Industry 4.0 means more sensors, more data collection and more data analysis in real time. It will mean higher quality products made at lower costs, for upper and lower control limits will be able to be set even closer to the desired outcome for many attributes.

It will also mean the end of the ubiquitous quality control labs in the mills. For if one can tightly connect early process variables to end product attributes, the lab becomes redundant. The lab has always been an after-the-fact quality control device, resulting in product losses (if the mill is honest and rejects that which is out of specification) or a place to create fictitious reports on quality attributes (in mills operated by dishonest managers).

With better understanding, collection and archiving of data, mills will no longer be playing catchup on quality--they will only make acceptable quality products.
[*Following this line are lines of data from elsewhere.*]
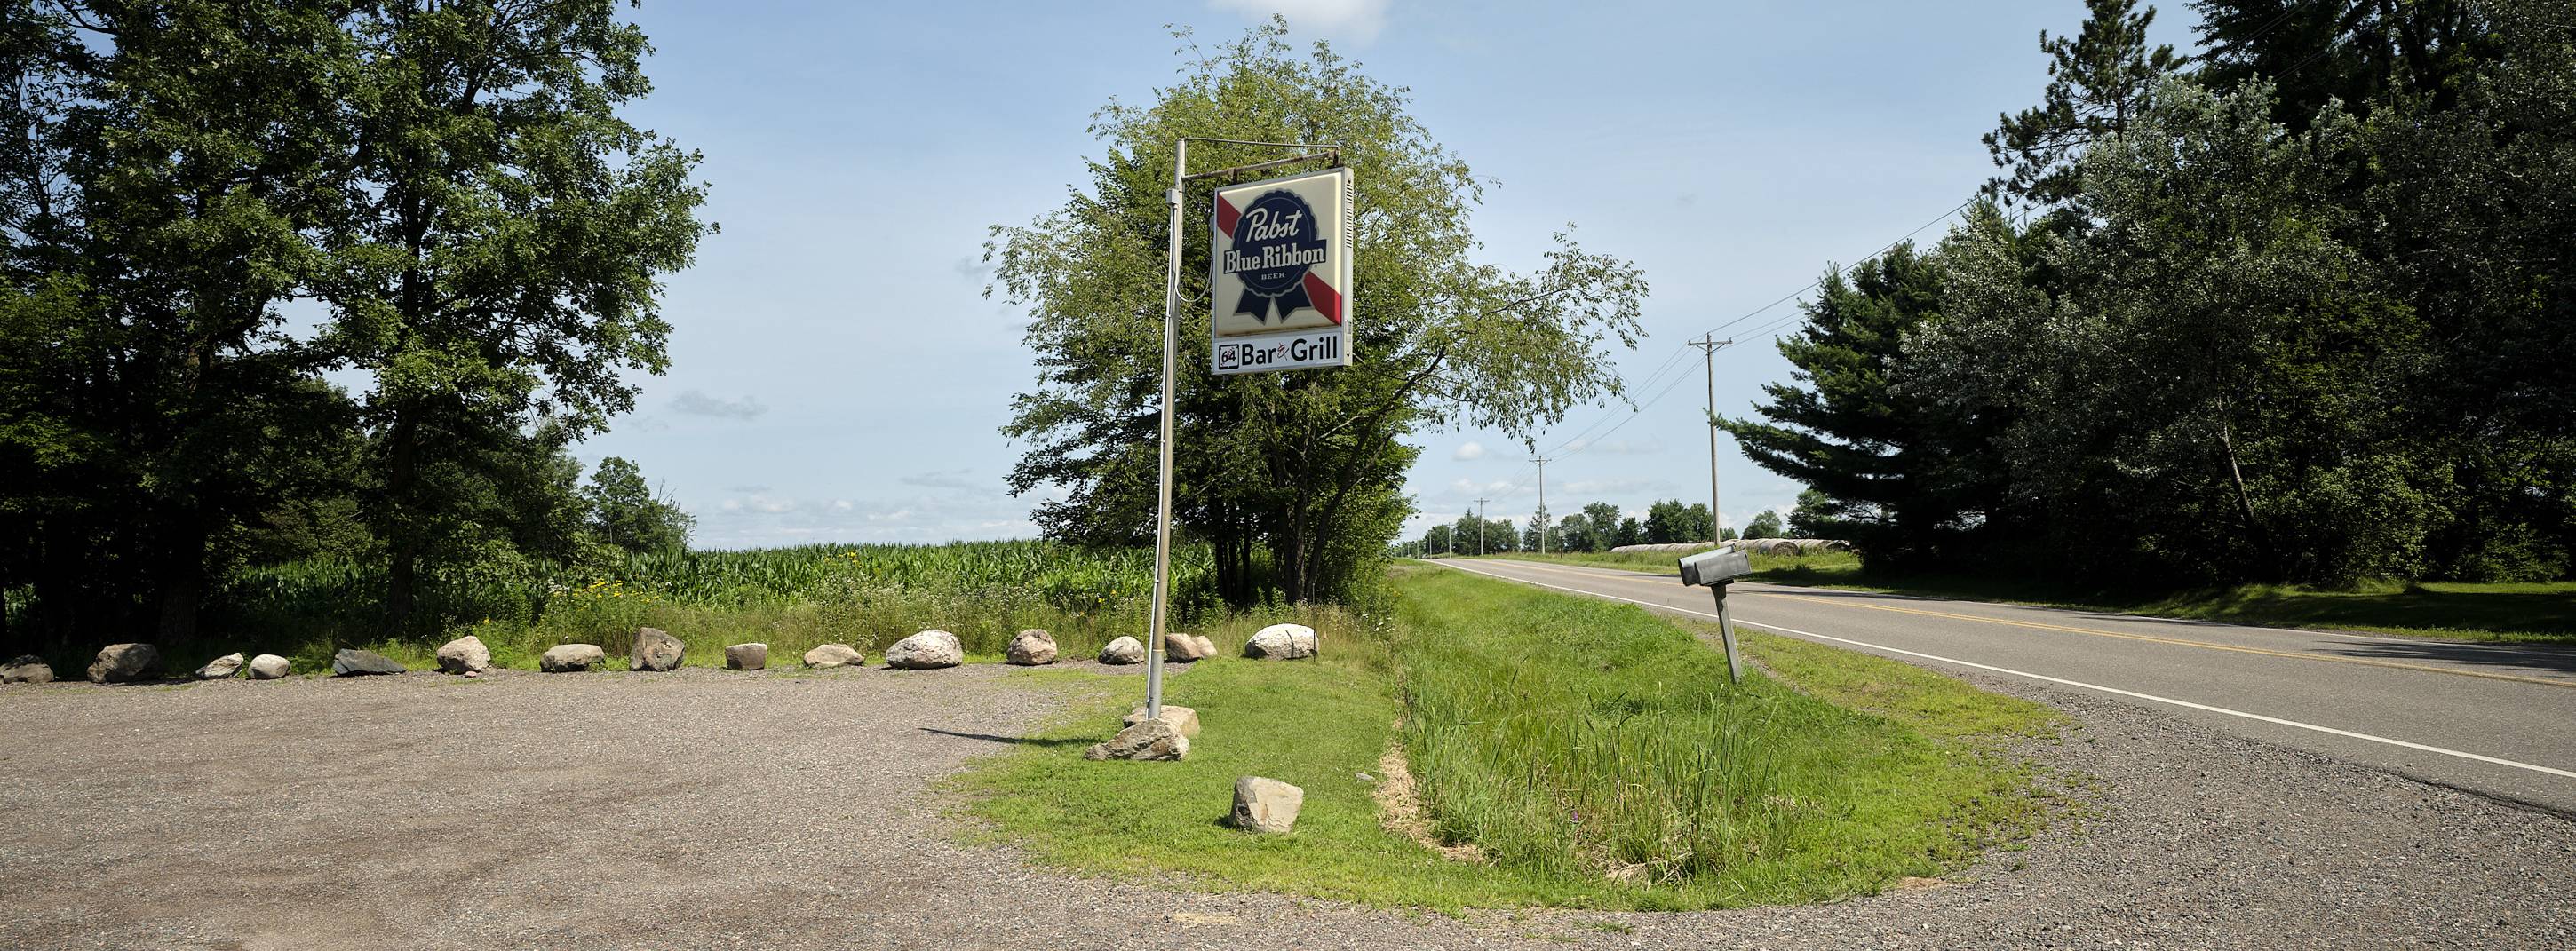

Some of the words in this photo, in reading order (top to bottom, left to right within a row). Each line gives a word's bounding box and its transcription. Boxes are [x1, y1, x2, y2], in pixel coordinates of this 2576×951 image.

[1246, 207, 1303, 242] Pabst
[1225, 250, 1260, 273] Blue
[1262, 242, 1325, 269] Ribbon
[1261, 272, 1285, 281] BEER
[1221, 349, 1236, 363] 64
[1242, 343, 1277, 366] Bar
[1291, 336, 1338, 361] Grill
Except--those mills that have been compromising on maintenance or not keeping up with the latest developments in unit process equipment will be exposed and be in trouble. As long as a human has stood between the production and the quality report sent to the customer, there has been an opportunity for chicanery. By and large, this opportunity at fraud will be eliminated by Industry 4.0.


Join us in Guatemala next summer for the 3rd Paperitalo Papermakers' Mission Trip [12.06.18]
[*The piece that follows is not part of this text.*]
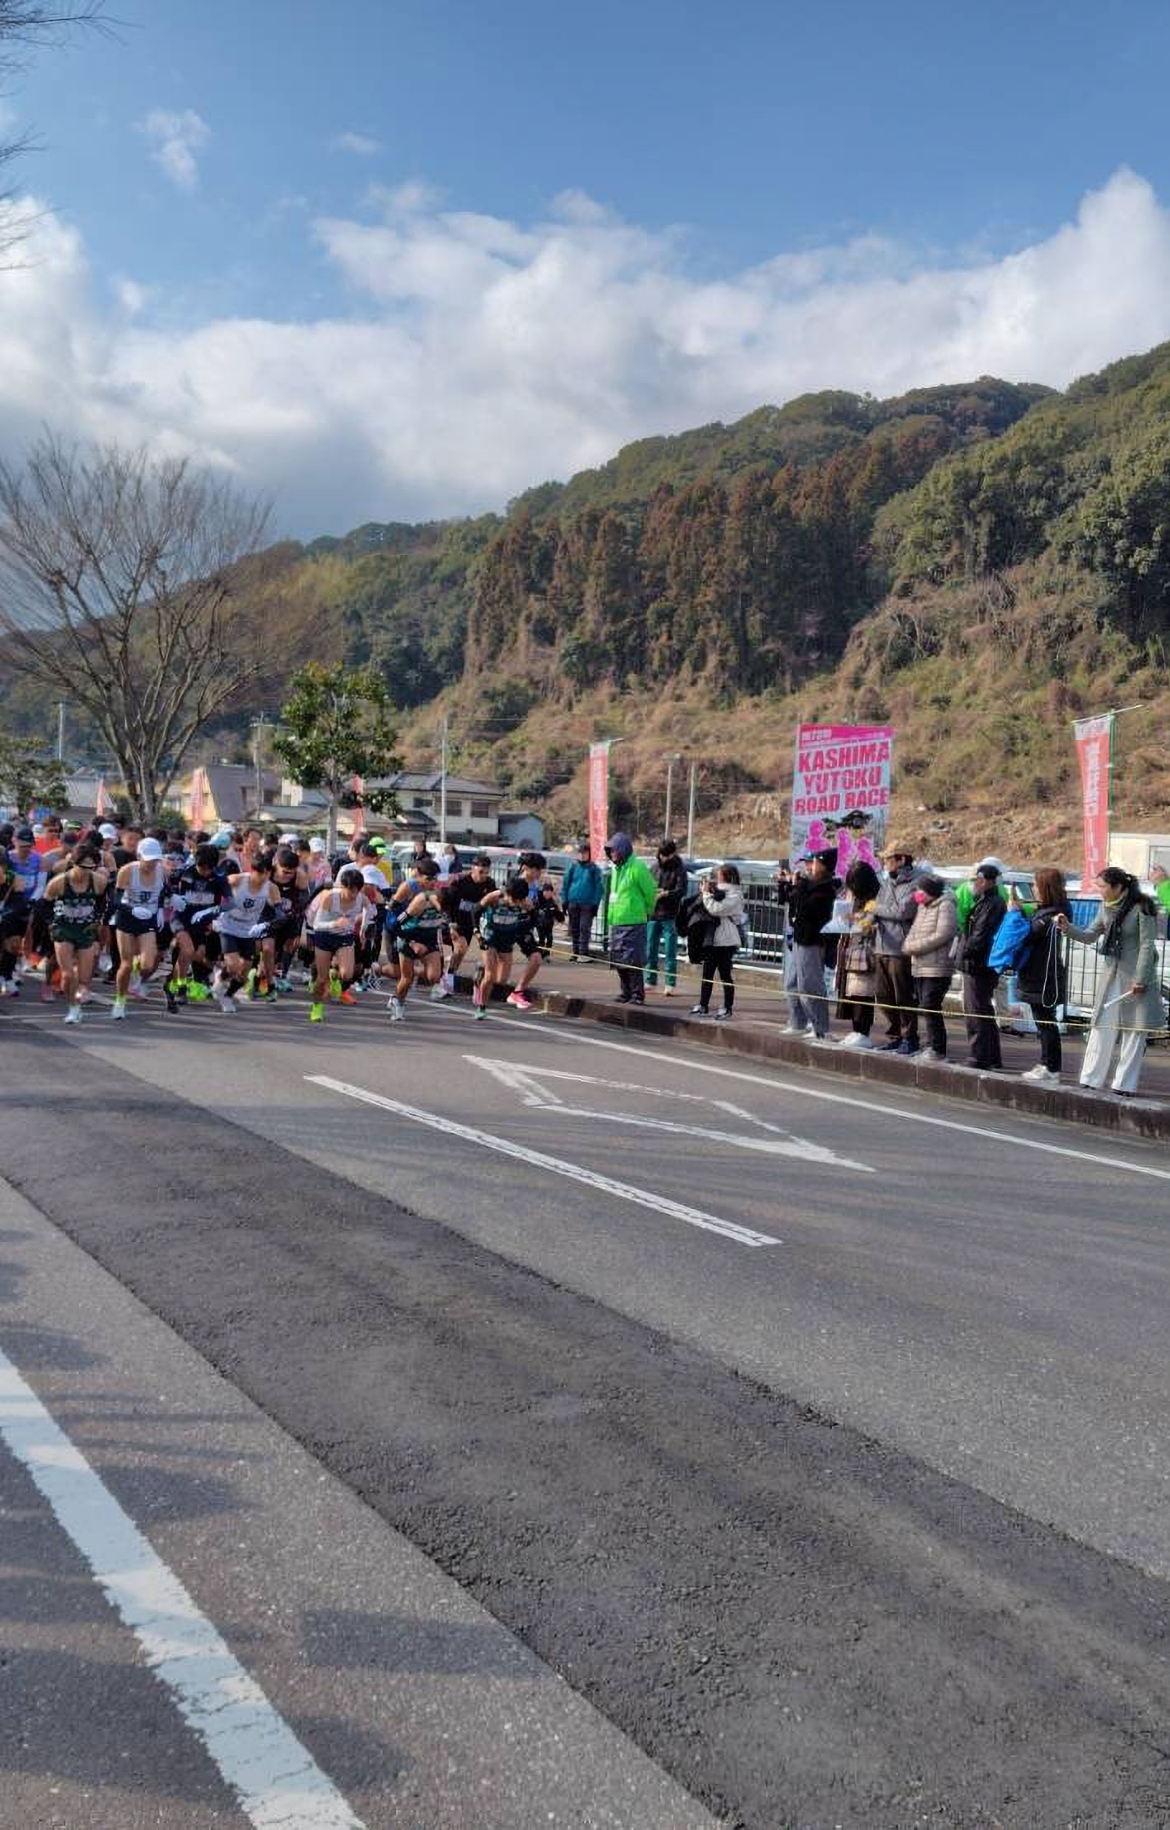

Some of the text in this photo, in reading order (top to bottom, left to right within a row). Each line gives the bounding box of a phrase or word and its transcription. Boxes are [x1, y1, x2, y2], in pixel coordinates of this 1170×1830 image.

[799, 742, 889, 773] KASHIMA
[804, 767, 882, 795] YUTOKU
[795, 788, 889, 815] ROAD RACE
I see another development coming as well. This has been a long time coming and strongly resisted by the mills, but as soon as this barrier is broken by one mill, competitors will be forced to do the same thing. "This barrier" is exposing one's data in real time to one's customers. In other words, letting the customer watch their order being made in real time.

This will happen in either one of two ways. The first is that a mill or a company with a fleet of mills will volunteer this data in order to gain a competitive advantage. The other way is a large customer demands this happen so they can control what they are buying.

Who is a big enough customer? Likely not a collection of box plants, for example. Rather, the box plants' customers will do this. I predict that Amazon, P &G or other large box consumers could push this requirement down through the system.

Why would they do this? To ensure they are receiving exactly what they want to buy. It could also become a selling point with their retail customers. An Amazon could say, "The boxes we use are x% recycled fiber and we have the data to prove it--all the way back to the entry point of the containerboard mill."

So, with Industry 4.0 the quality cat is out of the bag. We have entered the era when data collection is cheap and ubiquitous. This necessarily means it is going to be transparent, whether we like it or not. It is like the telephone. Back when the world was land lines, it was difficult to determine who called who and when. Today, with cell phones, the same data, now cheap and ubiquitous, is often used in legal proceedings.

More data will lead to better safety as well. How many people have we lost in the last decade to explosive gases in tanks? Data collection should end this danger before it gets out of hand.